CFPB Requests Information on Payment System Plans and Practices of Large Technology Companies

Cooley Alert

The Consumer Financial Protection Bureau (CFPB) released a statement on October 21, 2021, announcing that it has ordered six of the largest US technology companies that operate payment systems to turn over information about their payments-related products, plans and practices. The CFPB issued the orders to gain insight into how these firms use personal payments data (including with third parties), and to identify how this data can potentially be used to limit consumer choice and hinder innovation. On November 5, 2021, the CFPB published a request inviting interested parties to submit comments to inform the agency’s inquiry no later than December 6, 2021.

Scope of the orders

The CFPB asserts that the orders build on the efforts of the Federal Trade Commission to bring heightened scrutiny to some of the largest US technology companies. Specifically, the six orders allegedly seek to illuminate the scale of these companies’ consumer payment products, as well as the underlying business practices. In its statement, the CFPB described these as an “initial” set of orders, and it revealed that the agency also will be studying the payments practices of at least two large Chinese technology companies.

The comprehensive nature of the inquiry is reflected in an example order that the CFPB made publicly available. Broadly, the CFPB is seeking information related to the data gathering practices of the six technology companies, but the order also demonstrates that it is seeking information regarding the specifics of how these companies are making decisions based on the user data they collect. Ultimately, the CFPB says, it intends to use this information to ensure that these companies are maintaining adequate consumer protections.

The example order includes 55 questions, which generally fall within three primary categories:

  • Data harvesting and monetization
  • Access restrictions and eligibility requirements for products
  • Prioritization of consumer protections

More specifically, the CFPB asked each company to:

  • Describe and provide detailed information about each of its products
  • Explain its activities involving data collection from customer use of its products and from web scraping
  • Provide information on how it monetizes product data
  • Identify and provide policies and procedures governing access restrictions for products
  • Provide information on how it is complying with certain consumer protections, including obligations under federal consumer financial law
  • Provide use metrics for its products
  • Disclose its organizational structure as it relates to its payments products

Statutory authority

The CFPB stated that the orders were issued pursuant to Section 1022(c)(4) of the Consumer Financial Protection Act.
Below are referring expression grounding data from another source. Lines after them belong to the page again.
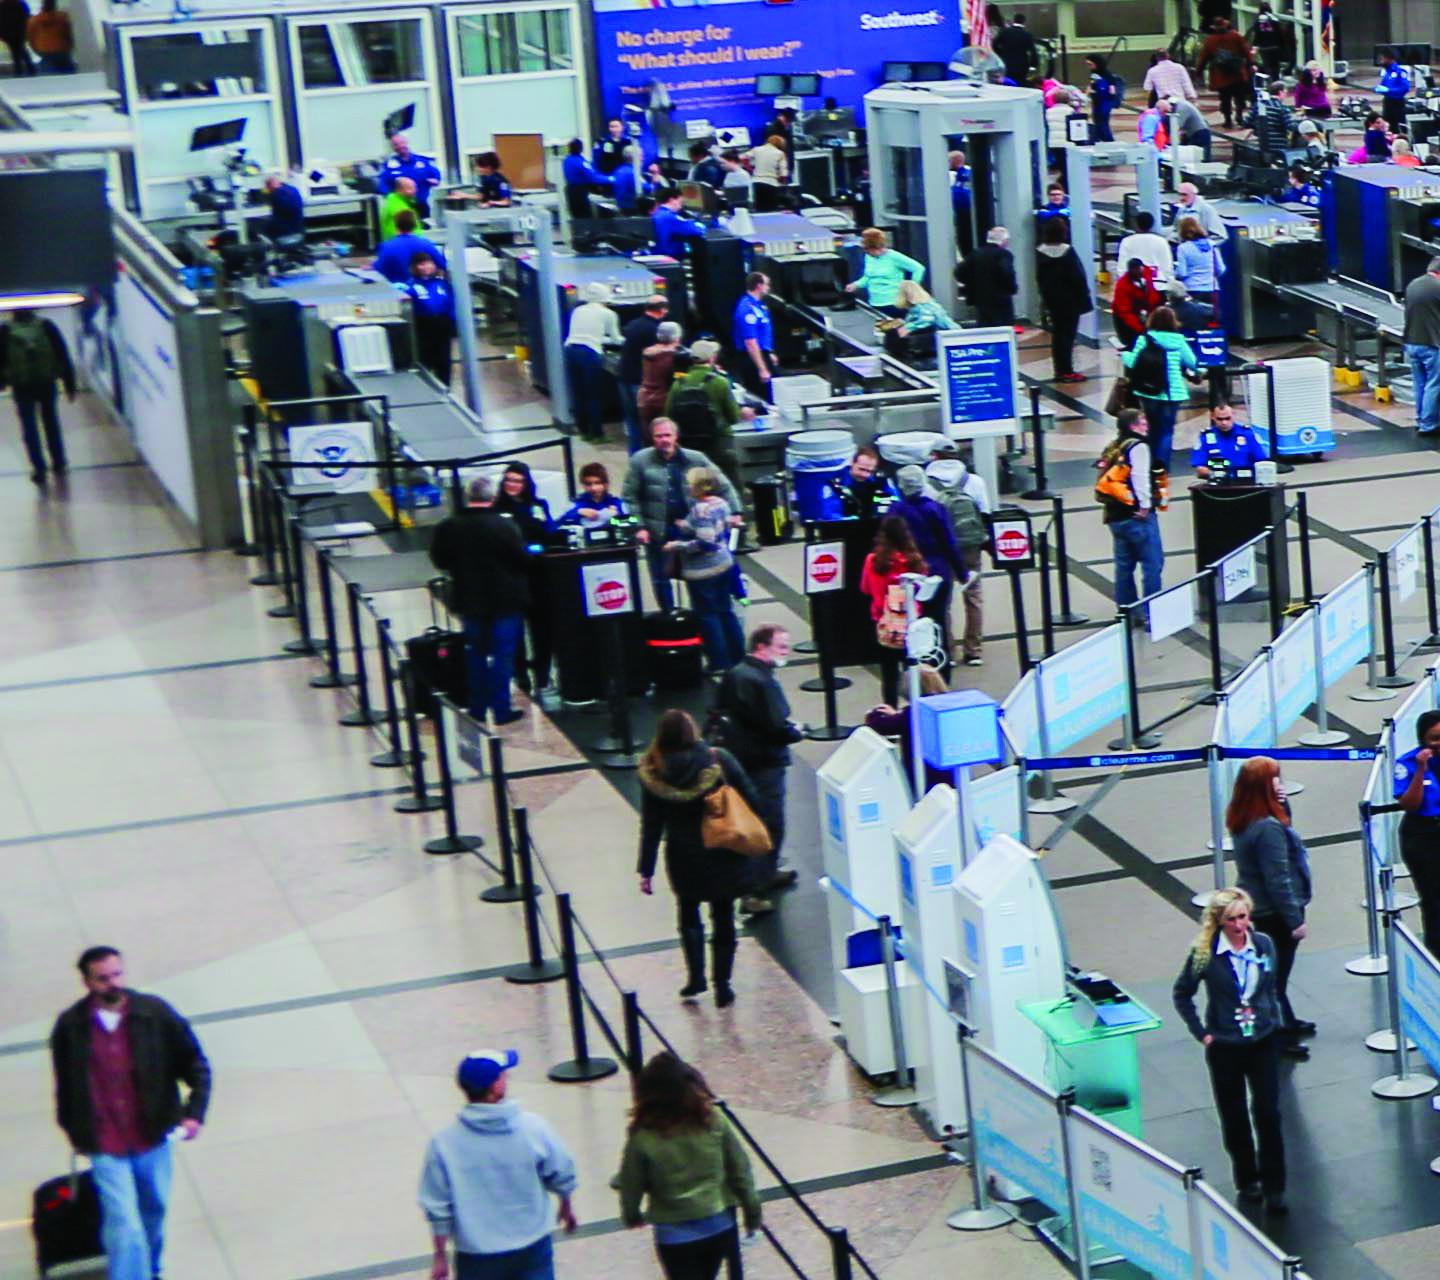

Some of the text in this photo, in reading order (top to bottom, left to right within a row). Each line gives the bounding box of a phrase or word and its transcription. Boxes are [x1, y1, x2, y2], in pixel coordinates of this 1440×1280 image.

[860, 9, 939, 31] Southwest
[616, 24, 732, 48] No charge for
[677, 46, 735, 66] should
[996, 537, 1029, 551] STOP
[810, 562, 838, 575] STOP
[594, 588, 628, 605] STOP
[1100, 751, 1175, 767] clearme.com
This section states in relevant part that the CFPB has “the authority to gather information from time to time regarding the organization, business conduct, markets, and activities of covered persons and service providers.”1 The CFPB may gather this information in a number of ways, including by requiring covered persons to supply “answers in writing to specific questions.”2 Through this authority, the CFPB argues that it will be able to obtain information from technology companies that will enable the agency to monitor risks to consumers and to publish aggregated findings that are in the public interest.

Comments and outlook

Under the Biden administration, the CFPB has taken a more active role in enforcing consumer protections, and many expected this trend to continue once the Senate confirmed Rohit Chopra as director of the agency in September. Following the issuance of the six orders, it is clear that the CFPB plans to use its broad monitoring authority to gather information on companies outside of the agency’s traditional purview. As Chopra remarked in the director’s statement on the inquiry, the CFPB hopes that such orders “will yield insights that may help the CFPB to implement other statutory responsibilities, including any potential rulemaking under Section 1033 of the Dodd-Frank Wall Street Reform and Consumer Protection Act.” In November 2020, the CFPB issued an advance notice of proposed rulemaking on Section 1033, which provides for consumer rights to access financial records.
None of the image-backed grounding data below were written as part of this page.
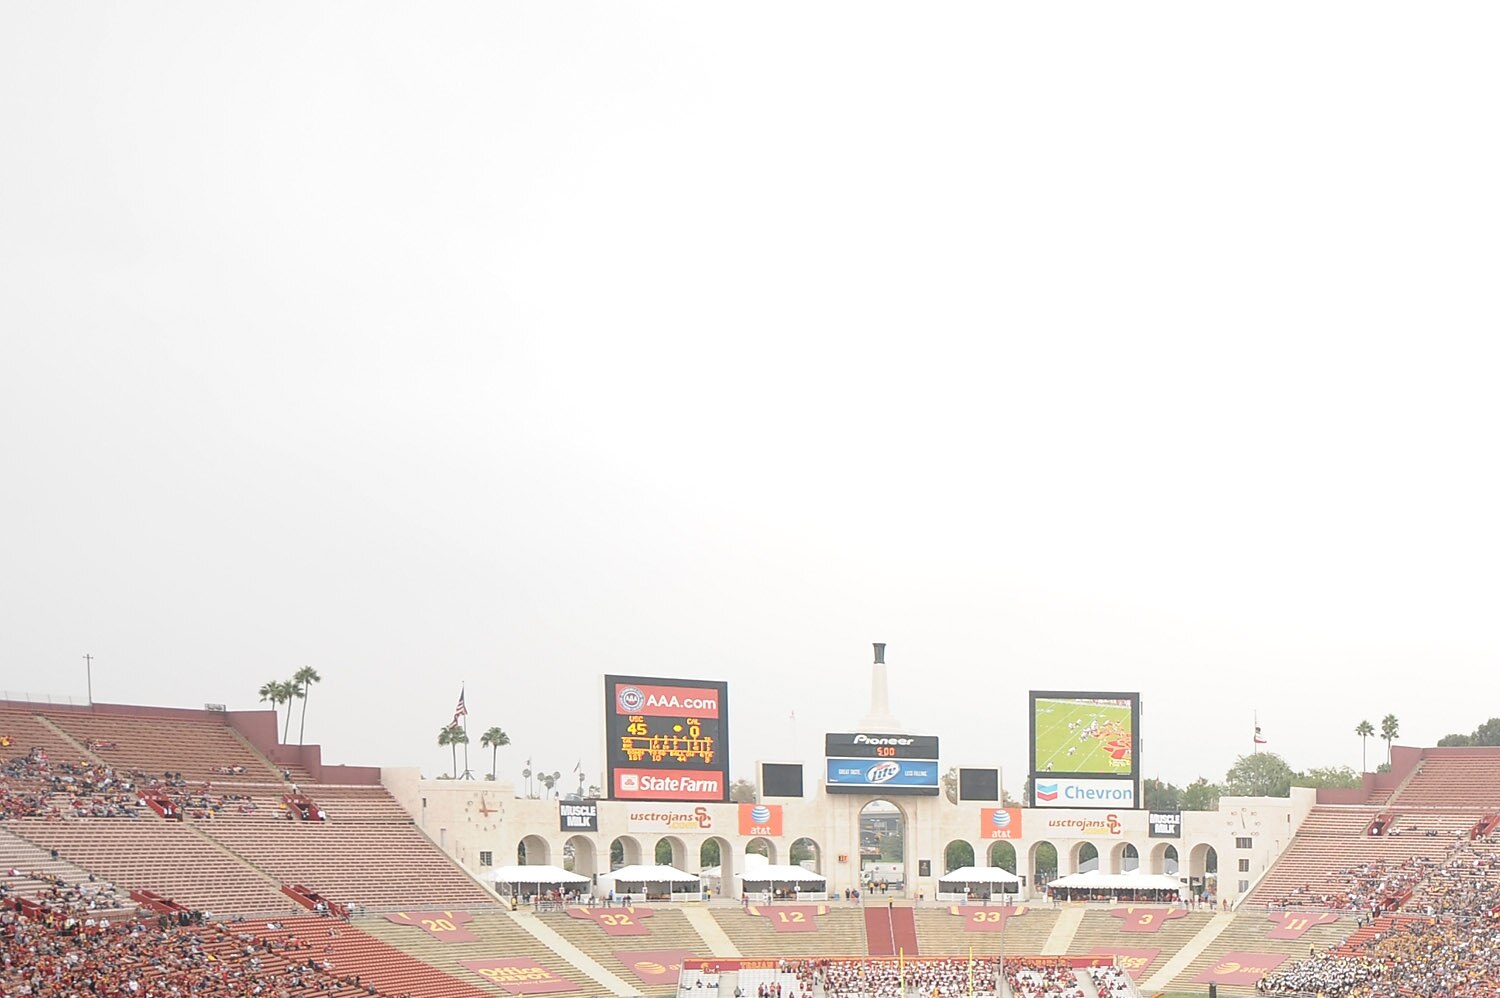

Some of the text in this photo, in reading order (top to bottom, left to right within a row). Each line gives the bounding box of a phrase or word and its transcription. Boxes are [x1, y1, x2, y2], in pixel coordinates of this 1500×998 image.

[646, 694, 717, 710] AAA.com
[627, 723, 648, 736] 45
[689, 725, 701, 738] 0
[853, 734, 914, 746] Pioneer
[1065, 786, 1132, 800] Chevron
[560, 805, 596, 816] MUSCLE
[566, 816, 591, 827] MILK
[630, 811, 694, 825] usctrojans
[1048, 818, 1105, 831] usctrojans
[1150, 813, 1180, 824] MUSCLE
[750, 826, 771, 835] at&t
[991, 830, 1011, 838] at&t
[1154, 823, 1176, 834] MILK
[600, 912, 629, 926] 32
[778, 910, 805, 923] 12
[972, 911, 1001, 923] 33
[1138, 913, 1153, 926] 3
[423, 918, 458, 931] 20
[478, 966, 545, 977] Office
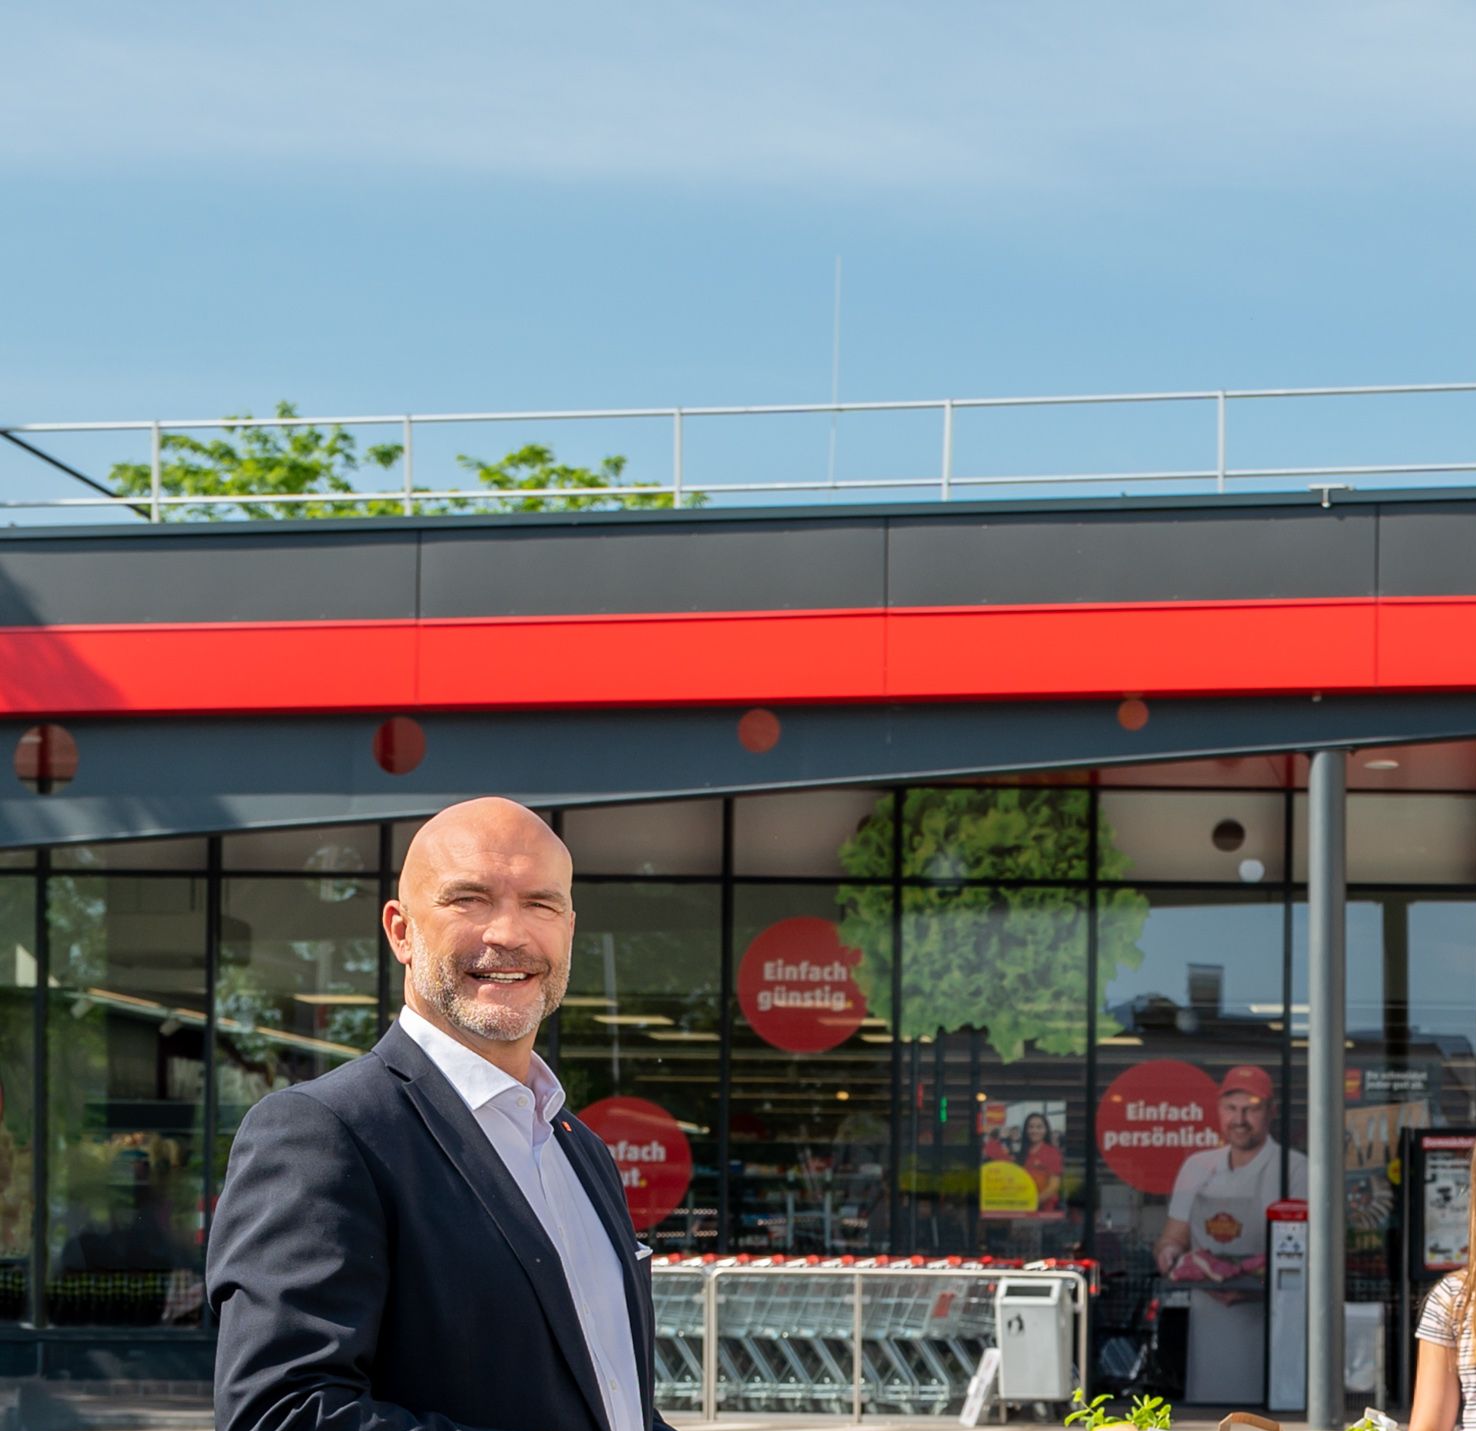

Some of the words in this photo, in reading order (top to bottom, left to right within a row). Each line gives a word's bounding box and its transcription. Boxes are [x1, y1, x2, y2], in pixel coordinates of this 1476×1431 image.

[763, 958, 848, 982] Einfach
[757, 985, 853, 1011] günstig.
[1125, 1099, 1204, 1121] Einfach
[1103, 1126, 1225, 1150] persönlich.
[607, 1140, 667, 1162] nfach
[620, 1168, 647, 1188] ut.
But further, this announcement is one of several recent statements signaling that Chopra is keyed on large technology companies. In written testimony before the House Committee on Financial Services on October 28, 2021, Chopra again noted the influence of “Big Tech” companies in the payments space, which he contended “have sought to gain greater control over the flow of money in our economy.” So, while it remains to be seen how insight gained from the companies’ responses to these orders will shape CFPB rulemaking or enforcement activities, Chopra seems to be positioning the CFPB as another Big Tech watchdog.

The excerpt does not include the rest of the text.